2. On 2/10/2012, 757 shares of restricted stock vested. 291 shares were withheld to pay the tax withholding associated with the vesting. Accordingly, the remaining 466 shares are now reflected as common stock.
3. Restricted stock granted 2008 was granted pursuant to the Harley-Davidson, Inc. 2004 Incentive Stock Plan. The shares of unvested restricted stock granted on 2/13/08 are subject to forfeiture until completion of a four year vesting period. The restricted stock granted 2/10/10, 2/9/11 and 2/6/12 was granted pursuant to the Harley-Davidson, Inc. 2009 Incentive Stock Plan and one-third of the shares of restricted stock vest on each of the first three anniversaries of the date of grant and the shares are subject to forfeiture until vested. On 2/9/2012, 526 shares of restricted stock vested. 202 shares were withheld to pay the tax withholding associated with the vesting. On 2/10/2012, 757 shares of restricted stock vested. 291 shares were withheld to pay the tax withholding associated with the vesting. Accordingly, the remaining 790 shares are now reflected as common stock.

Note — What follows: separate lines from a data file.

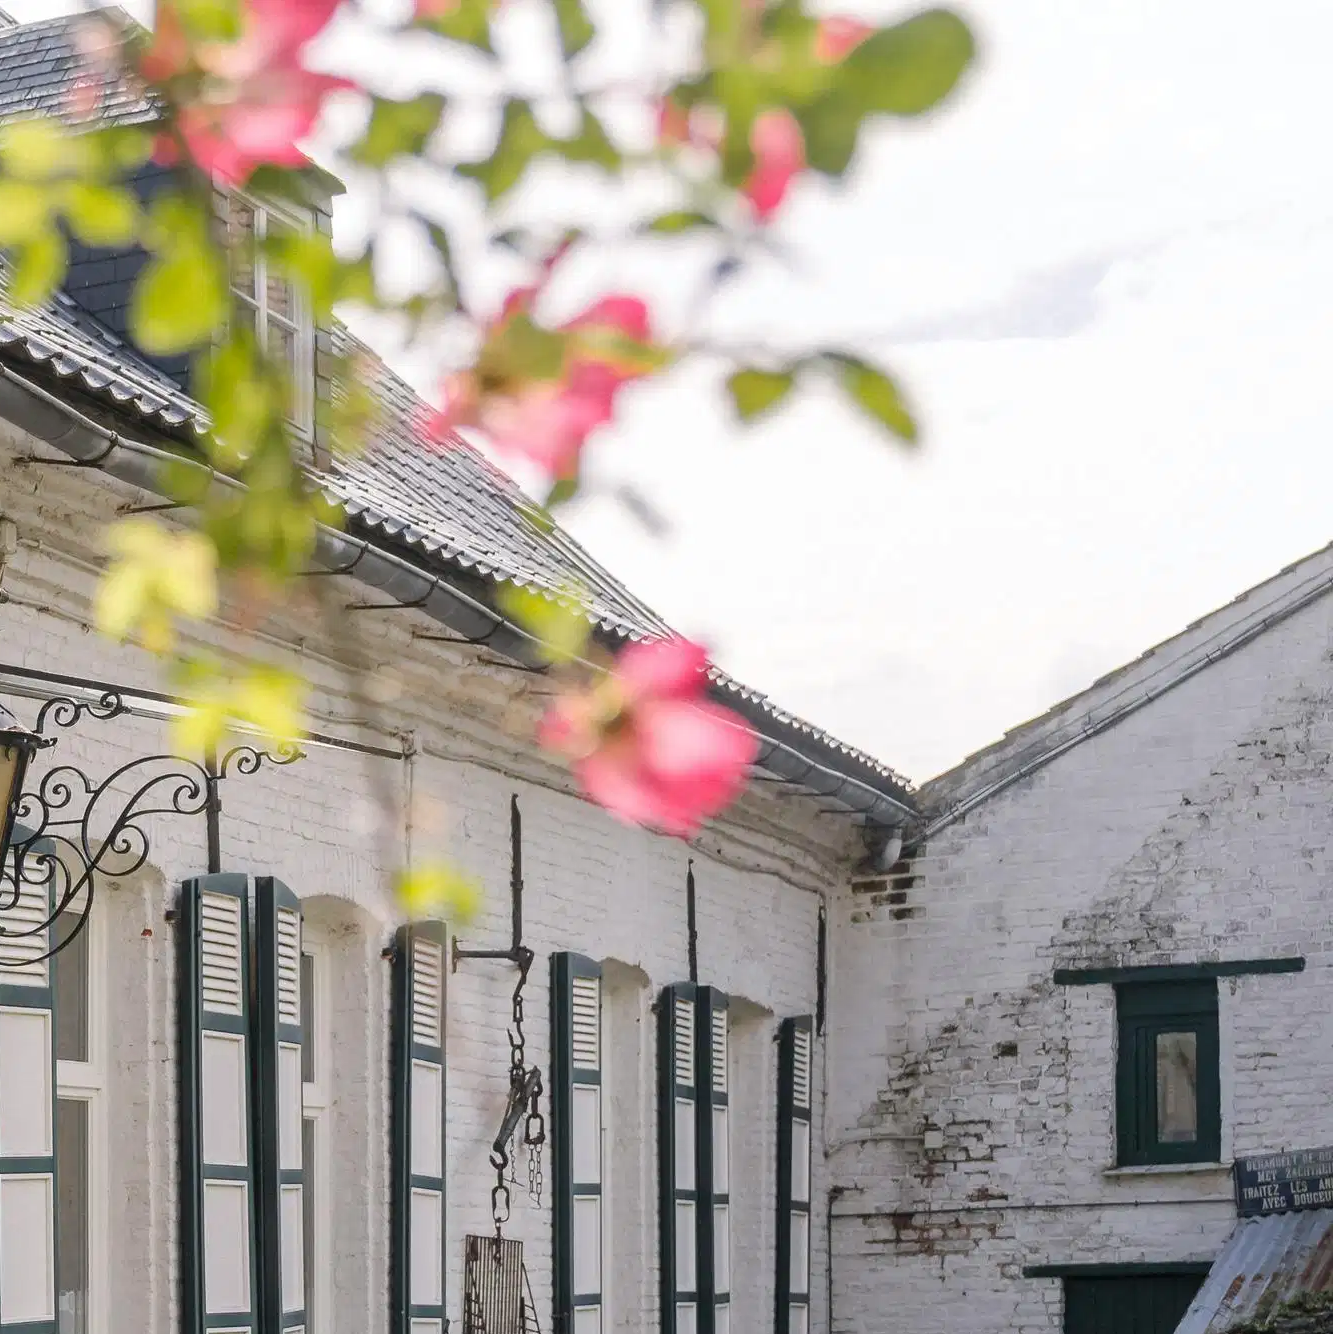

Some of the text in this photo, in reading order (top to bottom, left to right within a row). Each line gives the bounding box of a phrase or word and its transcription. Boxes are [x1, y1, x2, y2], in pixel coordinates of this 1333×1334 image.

[1257, 1162, 1333, 1182] MET ZACHTHEI
[1242, 1183, 1280, 1200] TRAITEZ
[1290, 1180, 1308, 1193] LES
[1261, 1190, 1333, 1210] AVEC DOUCEU
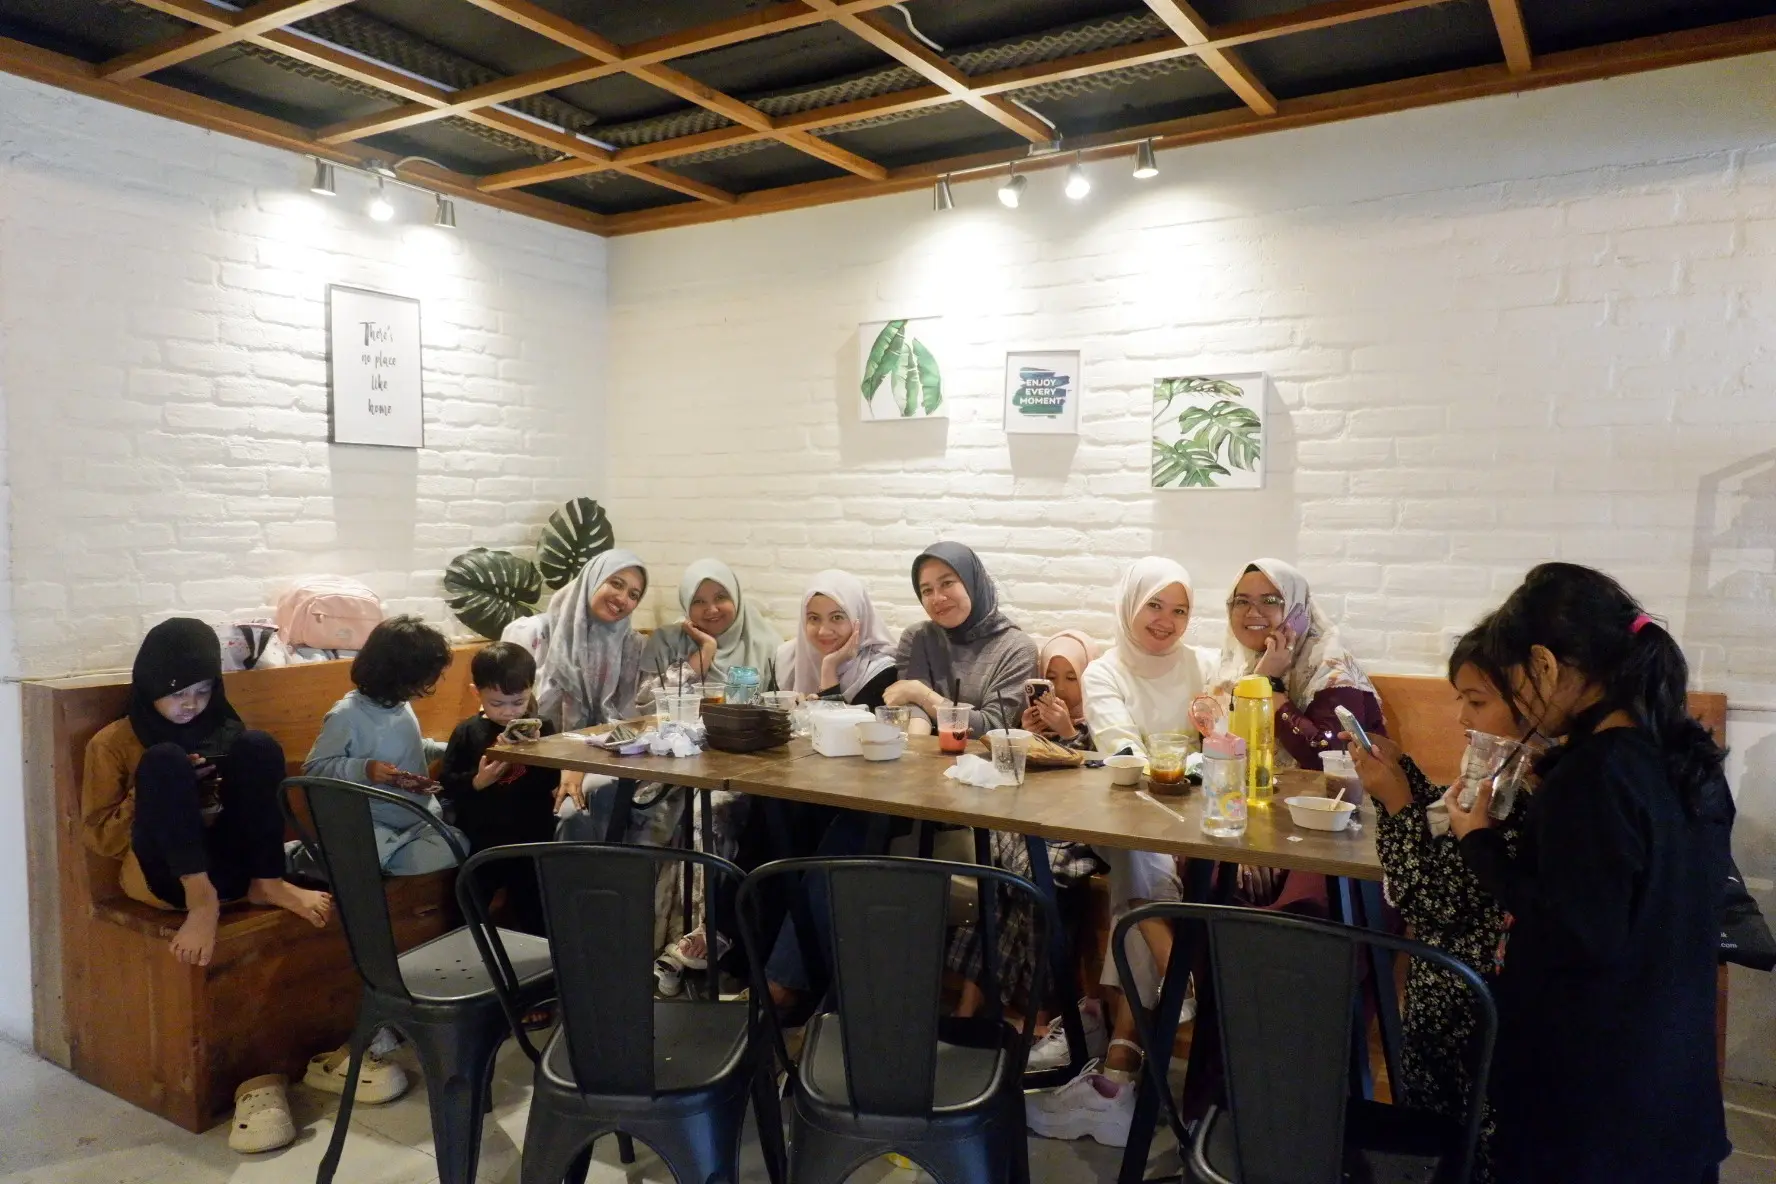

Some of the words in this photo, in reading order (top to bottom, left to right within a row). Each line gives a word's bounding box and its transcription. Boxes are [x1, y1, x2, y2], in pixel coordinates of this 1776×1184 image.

[359, 321, 394, 347] There's
[361, 353, 371, 365] no
[375, 349, 396, 369] place
[371, 373, 388, 391] like
[1026, 379, 1057, 387] ENJOY
[1025, 388, 1057, 396] EVERY
[368, 398, 392, 415] home
[1019, 397, 1062, 405] MOMENT

4. Granted pursuant to the Harley-Davidson, Inc. 2009 Incentive Stock Plan
5. Options granted pursuant to the Harley-Davidson, Inc. 2009 Incentive Stock Plan shall become exercisable for one-third of the shares covered by the option on each of the first three anniversaries of the date of grant.
6. Granted pursuant to the Harley-Davidson, Inc. 1995 Stock Option Plan.

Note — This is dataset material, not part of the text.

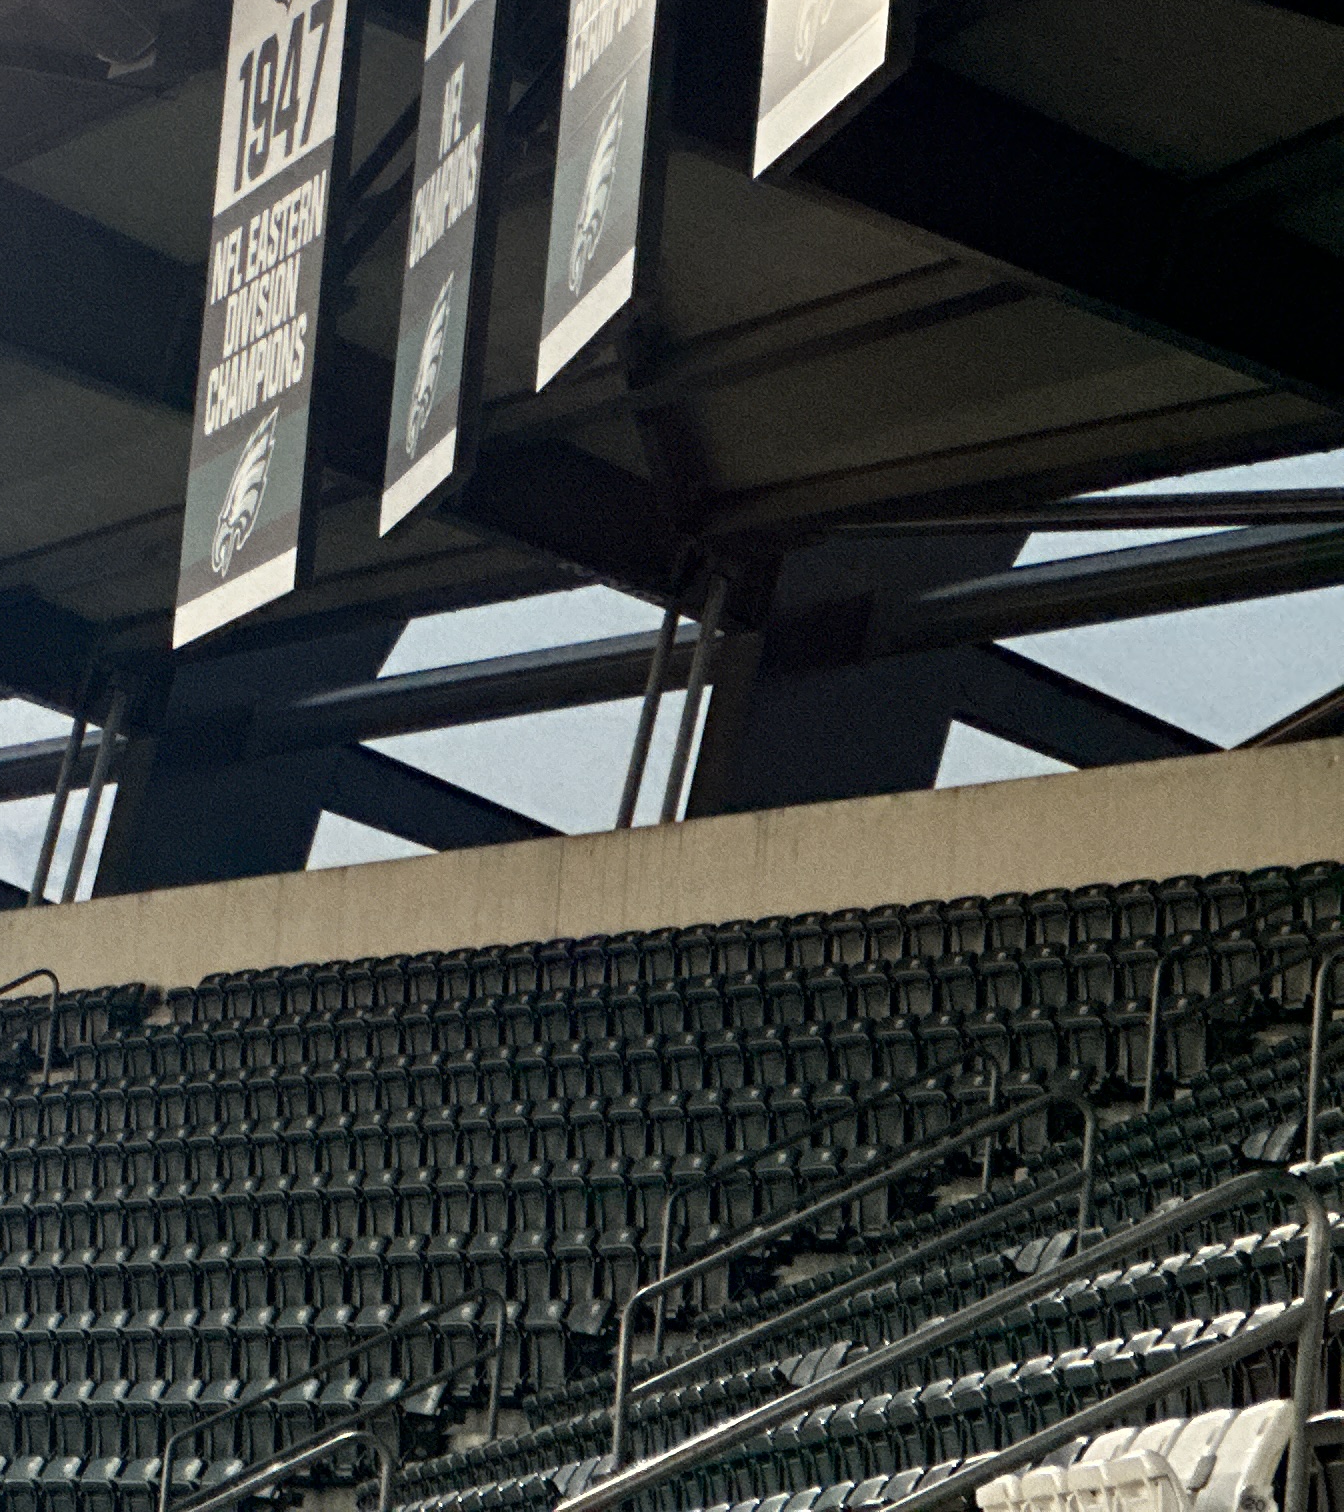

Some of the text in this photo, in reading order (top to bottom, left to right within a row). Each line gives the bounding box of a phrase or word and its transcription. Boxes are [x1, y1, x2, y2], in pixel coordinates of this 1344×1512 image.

7. All options are currently exercisable.
8. Granted pursuant to the Harley-Davidson, Inc. 2004 Incentive Stock Plan.
9. Options granted pursuant to the Harley-Davidson, Inc. 2004 Incentive Stock Plan shall become exercisable for 25% of the shares covered by the option on each of the first four anniversaries of the date of grant.

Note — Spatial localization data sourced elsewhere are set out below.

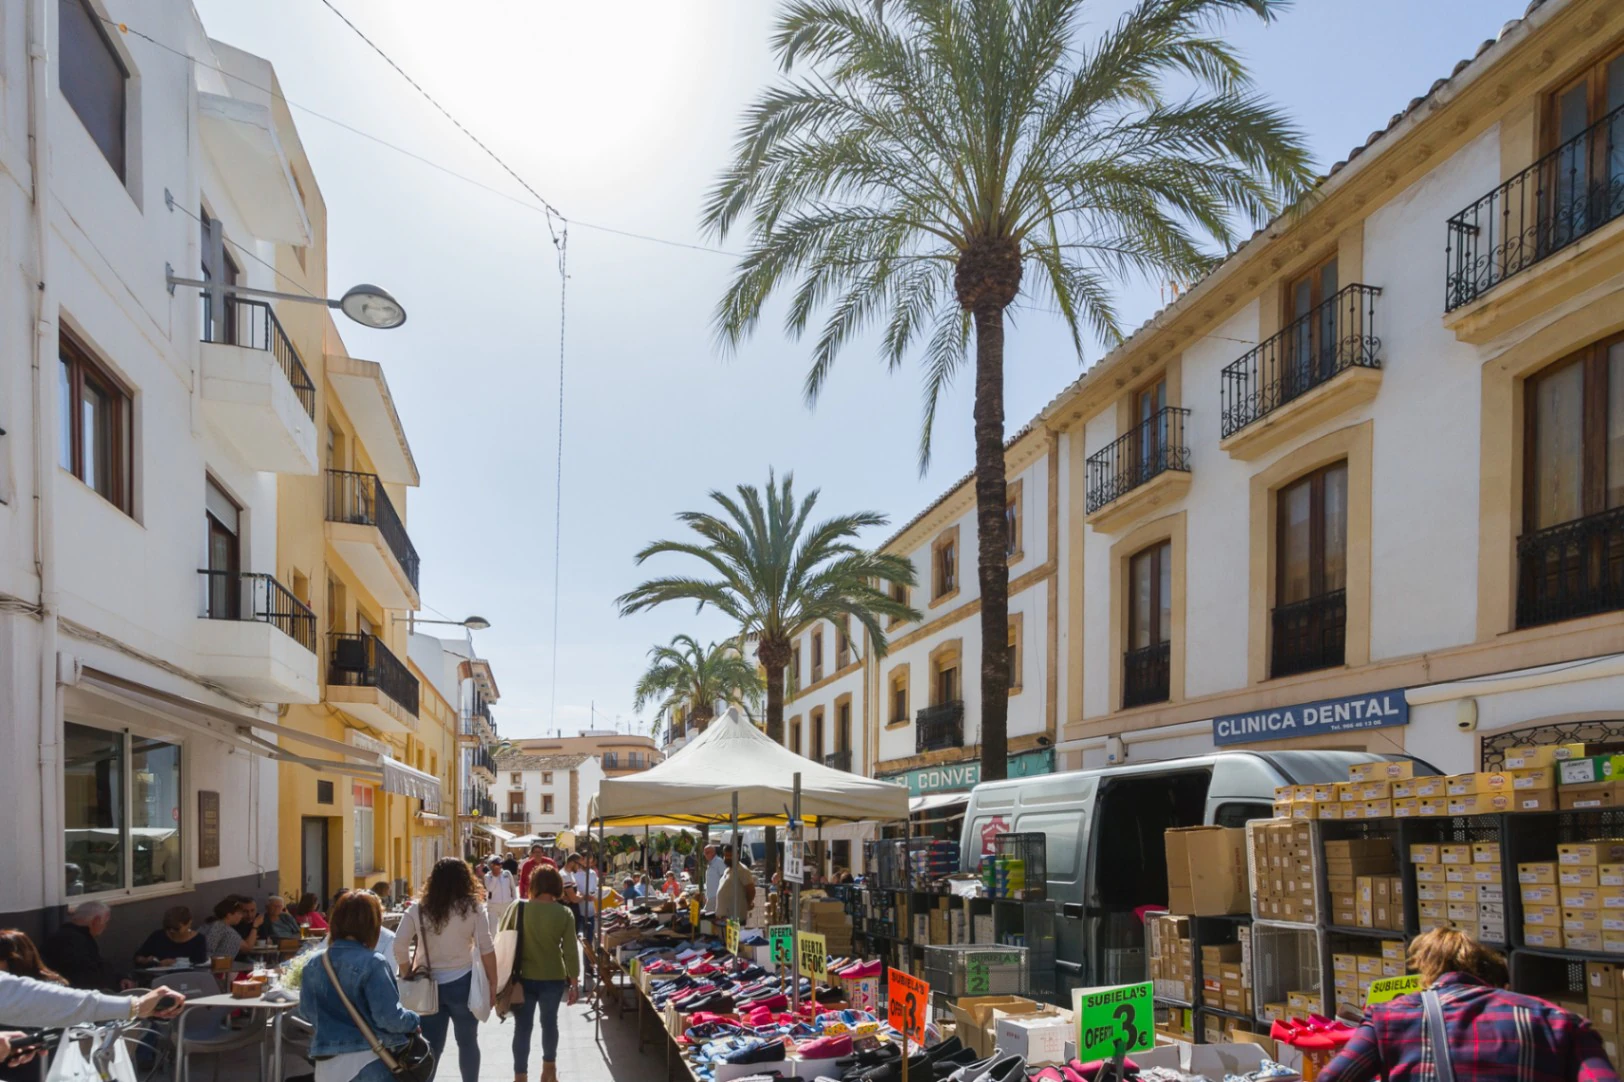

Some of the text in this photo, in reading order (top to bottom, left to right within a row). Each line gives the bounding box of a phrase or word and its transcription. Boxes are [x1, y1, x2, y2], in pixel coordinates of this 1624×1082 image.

[1218, 696, 1399, 737] CLINICA DENTAL
[918, 766, 980, 789] CONVE
[800, 939, 823, 955] OFERTA
[1087, 986, 1147, 1008] SUBIELA'S
[1085, 1026, 1114, 1050] OFERTA

Paul J. Jones, as power of attorney 02/13/2012
** Signature of Reporting Person Date
Reminder: Report on a separate line for each class of securities beneficially owned directly or indirectly.
* If the form is filed by more than one reporting person, see Instruction 4 (b)(v).
** Intentional misstatements or omissions of facts constitute Federal Criminal Violations See 18 U.S.C. 1001 and 15 U.S.C. 78ff(a).
Note: File three copies of this Form, one of which must be manually signed. If space is insufficient, see Instruction 6 for procedure.
Persons who respond to the collection of information contained in this form are not required to respond unless the form displays a currently valid OMB Number.